(Saved entries)
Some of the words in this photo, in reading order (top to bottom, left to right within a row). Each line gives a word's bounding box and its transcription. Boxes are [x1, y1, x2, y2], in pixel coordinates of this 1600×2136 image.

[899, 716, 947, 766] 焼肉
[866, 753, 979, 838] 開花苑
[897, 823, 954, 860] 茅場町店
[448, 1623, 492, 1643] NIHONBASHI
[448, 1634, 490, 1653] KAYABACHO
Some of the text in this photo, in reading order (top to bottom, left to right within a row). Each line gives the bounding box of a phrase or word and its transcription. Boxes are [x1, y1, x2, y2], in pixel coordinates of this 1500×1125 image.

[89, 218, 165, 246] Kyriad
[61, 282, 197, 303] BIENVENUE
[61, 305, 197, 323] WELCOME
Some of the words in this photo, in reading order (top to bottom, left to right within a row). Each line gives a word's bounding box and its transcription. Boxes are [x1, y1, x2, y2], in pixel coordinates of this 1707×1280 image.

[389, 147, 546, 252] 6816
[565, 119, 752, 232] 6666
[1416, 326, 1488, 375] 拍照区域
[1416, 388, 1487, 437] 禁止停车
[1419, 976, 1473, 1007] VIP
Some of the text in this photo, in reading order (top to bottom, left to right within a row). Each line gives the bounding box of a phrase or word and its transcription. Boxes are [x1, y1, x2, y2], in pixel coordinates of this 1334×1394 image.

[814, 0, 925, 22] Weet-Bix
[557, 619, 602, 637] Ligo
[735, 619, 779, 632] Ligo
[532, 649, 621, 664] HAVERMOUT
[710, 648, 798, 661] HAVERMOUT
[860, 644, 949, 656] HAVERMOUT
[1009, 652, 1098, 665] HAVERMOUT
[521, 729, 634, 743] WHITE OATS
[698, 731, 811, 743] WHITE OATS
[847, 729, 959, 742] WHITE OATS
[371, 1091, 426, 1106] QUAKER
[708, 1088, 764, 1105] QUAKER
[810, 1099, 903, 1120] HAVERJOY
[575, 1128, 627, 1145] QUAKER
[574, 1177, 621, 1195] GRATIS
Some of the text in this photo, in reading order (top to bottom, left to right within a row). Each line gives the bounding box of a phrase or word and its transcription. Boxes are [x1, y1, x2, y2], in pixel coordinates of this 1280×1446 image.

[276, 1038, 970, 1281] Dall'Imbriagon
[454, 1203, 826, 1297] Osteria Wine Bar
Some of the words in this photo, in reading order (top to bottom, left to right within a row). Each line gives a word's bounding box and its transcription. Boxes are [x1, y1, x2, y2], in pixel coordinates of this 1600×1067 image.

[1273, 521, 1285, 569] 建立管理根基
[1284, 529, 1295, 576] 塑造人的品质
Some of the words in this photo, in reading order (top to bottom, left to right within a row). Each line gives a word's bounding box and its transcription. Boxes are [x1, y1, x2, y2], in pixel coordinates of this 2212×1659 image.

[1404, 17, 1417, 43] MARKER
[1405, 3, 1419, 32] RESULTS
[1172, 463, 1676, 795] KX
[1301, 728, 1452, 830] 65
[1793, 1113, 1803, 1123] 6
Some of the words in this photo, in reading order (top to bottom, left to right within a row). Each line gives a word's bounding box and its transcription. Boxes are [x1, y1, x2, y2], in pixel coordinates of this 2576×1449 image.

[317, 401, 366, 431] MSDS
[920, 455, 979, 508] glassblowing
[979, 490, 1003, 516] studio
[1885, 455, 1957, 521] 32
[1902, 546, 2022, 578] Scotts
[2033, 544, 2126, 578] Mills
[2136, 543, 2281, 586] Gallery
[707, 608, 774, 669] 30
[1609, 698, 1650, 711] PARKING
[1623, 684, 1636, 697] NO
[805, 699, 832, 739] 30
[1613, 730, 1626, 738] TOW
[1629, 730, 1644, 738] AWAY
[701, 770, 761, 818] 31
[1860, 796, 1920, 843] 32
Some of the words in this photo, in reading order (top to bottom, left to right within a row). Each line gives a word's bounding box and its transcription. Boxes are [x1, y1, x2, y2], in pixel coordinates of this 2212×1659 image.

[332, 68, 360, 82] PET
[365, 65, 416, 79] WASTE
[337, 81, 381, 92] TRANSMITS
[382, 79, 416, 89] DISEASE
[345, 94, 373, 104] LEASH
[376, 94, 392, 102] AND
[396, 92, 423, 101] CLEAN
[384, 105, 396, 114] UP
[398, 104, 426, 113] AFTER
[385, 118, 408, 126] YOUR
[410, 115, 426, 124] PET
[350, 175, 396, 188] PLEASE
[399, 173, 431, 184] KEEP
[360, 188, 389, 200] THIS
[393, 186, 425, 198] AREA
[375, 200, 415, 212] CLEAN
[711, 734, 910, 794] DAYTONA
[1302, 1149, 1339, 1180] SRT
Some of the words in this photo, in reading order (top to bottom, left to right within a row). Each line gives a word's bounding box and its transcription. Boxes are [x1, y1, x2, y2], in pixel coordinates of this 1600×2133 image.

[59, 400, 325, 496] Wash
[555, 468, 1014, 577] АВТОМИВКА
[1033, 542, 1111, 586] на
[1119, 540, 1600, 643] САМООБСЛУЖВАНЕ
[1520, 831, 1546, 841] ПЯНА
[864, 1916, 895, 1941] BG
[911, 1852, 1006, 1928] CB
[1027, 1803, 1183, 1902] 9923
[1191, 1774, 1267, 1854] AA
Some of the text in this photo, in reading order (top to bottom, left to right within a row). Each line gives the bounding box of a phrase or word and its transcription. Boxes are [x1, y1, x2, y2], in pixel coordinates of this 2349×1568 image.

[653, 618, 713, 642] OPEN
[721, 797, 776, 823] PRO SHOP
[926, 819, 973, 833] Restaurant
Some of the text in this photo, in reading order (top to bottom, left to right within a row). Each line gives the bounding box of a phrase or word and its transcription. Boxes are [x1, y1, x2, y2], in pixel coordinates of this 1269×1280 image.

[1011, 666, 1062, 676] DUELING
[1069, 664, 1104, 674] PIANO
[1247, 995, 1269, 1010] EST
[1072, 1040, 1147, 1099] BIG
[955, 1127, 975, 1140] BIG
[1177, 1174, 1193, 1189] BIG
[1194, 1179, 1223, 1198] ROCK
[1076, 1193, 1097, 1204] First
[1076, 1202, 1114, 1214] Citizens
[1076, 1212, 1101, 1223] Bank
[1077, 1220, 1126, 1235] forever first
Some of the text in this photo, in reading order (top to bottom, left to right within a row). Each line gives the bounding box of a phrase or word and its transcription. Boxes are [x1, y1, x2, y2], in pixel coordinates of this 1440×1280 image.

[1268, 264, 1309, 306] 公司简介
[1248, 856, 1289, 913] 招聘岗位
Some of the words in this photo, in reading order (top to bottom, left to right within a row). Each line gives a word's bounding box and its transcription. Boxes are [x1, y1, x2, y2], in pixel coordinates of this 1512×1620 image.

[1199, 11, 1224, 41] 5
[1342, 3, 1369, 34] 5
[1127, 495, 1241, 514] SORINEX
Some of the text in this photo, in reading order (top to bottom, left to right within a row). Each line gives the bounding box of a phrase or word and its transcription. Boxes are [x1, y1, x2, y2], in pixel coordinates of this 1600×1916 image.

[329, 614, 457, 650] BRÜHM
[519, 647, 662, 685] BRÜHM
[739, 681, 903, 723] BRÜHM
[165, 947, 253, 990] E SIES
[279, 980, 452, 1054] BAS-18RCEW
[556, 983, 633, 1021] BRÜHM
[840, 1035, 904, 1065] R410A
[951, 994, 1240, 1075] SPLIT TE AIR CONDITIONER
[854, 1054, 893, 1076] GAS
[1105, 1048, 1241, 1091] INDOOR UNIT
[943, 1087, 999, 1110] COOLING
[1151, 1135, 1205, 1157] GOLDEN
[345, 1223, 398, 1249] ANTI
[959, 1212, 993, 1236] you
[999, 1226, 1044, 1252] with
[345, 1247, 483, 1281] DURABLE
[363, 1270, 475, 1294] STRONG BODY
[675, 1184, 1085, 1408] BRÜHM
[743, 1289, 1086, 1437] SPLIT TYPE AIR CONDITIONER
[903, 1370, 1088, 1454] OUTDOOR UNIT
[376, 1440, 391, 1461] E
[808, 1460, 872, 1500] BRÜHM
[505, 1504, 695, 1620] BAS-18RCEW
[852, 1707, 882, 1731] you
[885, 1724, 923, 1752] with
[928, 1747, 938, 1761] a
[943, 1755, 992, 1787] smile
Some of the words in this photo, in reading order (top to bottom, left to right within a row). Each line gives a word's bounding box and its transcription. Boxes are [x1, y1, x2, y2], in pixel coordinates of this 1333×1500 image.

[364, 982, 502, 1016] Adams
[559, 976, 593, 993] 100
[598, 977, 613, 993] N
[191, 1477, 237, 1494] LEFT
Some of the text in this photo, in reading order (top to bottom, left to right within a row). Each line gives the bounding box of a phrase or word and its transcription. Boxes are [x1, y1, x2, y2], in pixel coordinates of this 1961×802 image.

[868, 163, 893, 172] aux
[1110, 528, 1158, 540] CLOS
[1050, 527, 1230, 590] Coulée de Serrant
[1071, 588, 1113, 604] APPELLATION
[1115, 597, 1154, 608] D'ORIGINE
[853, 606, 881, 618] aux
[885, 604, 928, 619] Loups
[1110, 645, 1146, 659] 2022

◆ **EXERCISE**: From the line holding "this 1333×1500 image." through the last line above, reproduce each line exactly and add nothing.

◆ **SOLUTION BELOW**:
Some of the words in this photo, in reading order (top to bottom, left to right within a row). Each line gives a word's bounding box and its transcription. Boxes are [x1, y1, x2, y2], in pixel coordinates of this 1333×1500 image.

[364, 982, 502, 1016] Adams
[559, 976, 593, 993] 100
[598, 977, 613, 993] N
[191, 1477, 237, 1494] LEFT
Some of the text in this photo, in reading order (top to bottom, left to right within a row). Each line gives the bounding box of a phrase or word and its transcription. Boxes are [x1, y1, x2, y2], in pixel coordinates of this 1961×802 image.

[868, 163, 893, 172] aux
[1110, 528, 1158, 540] CLOS
[1050, 527, 1230, 590] Coulée de Serrant
[1071, 588, 1113, 604] APPELLATION
[1115, 597, 1154, 608] D'ORIGINE
[853, 606, 881, 618] aux
[885, 604, 928, 619] Loups
[1110, 645, 1146, 659] 2022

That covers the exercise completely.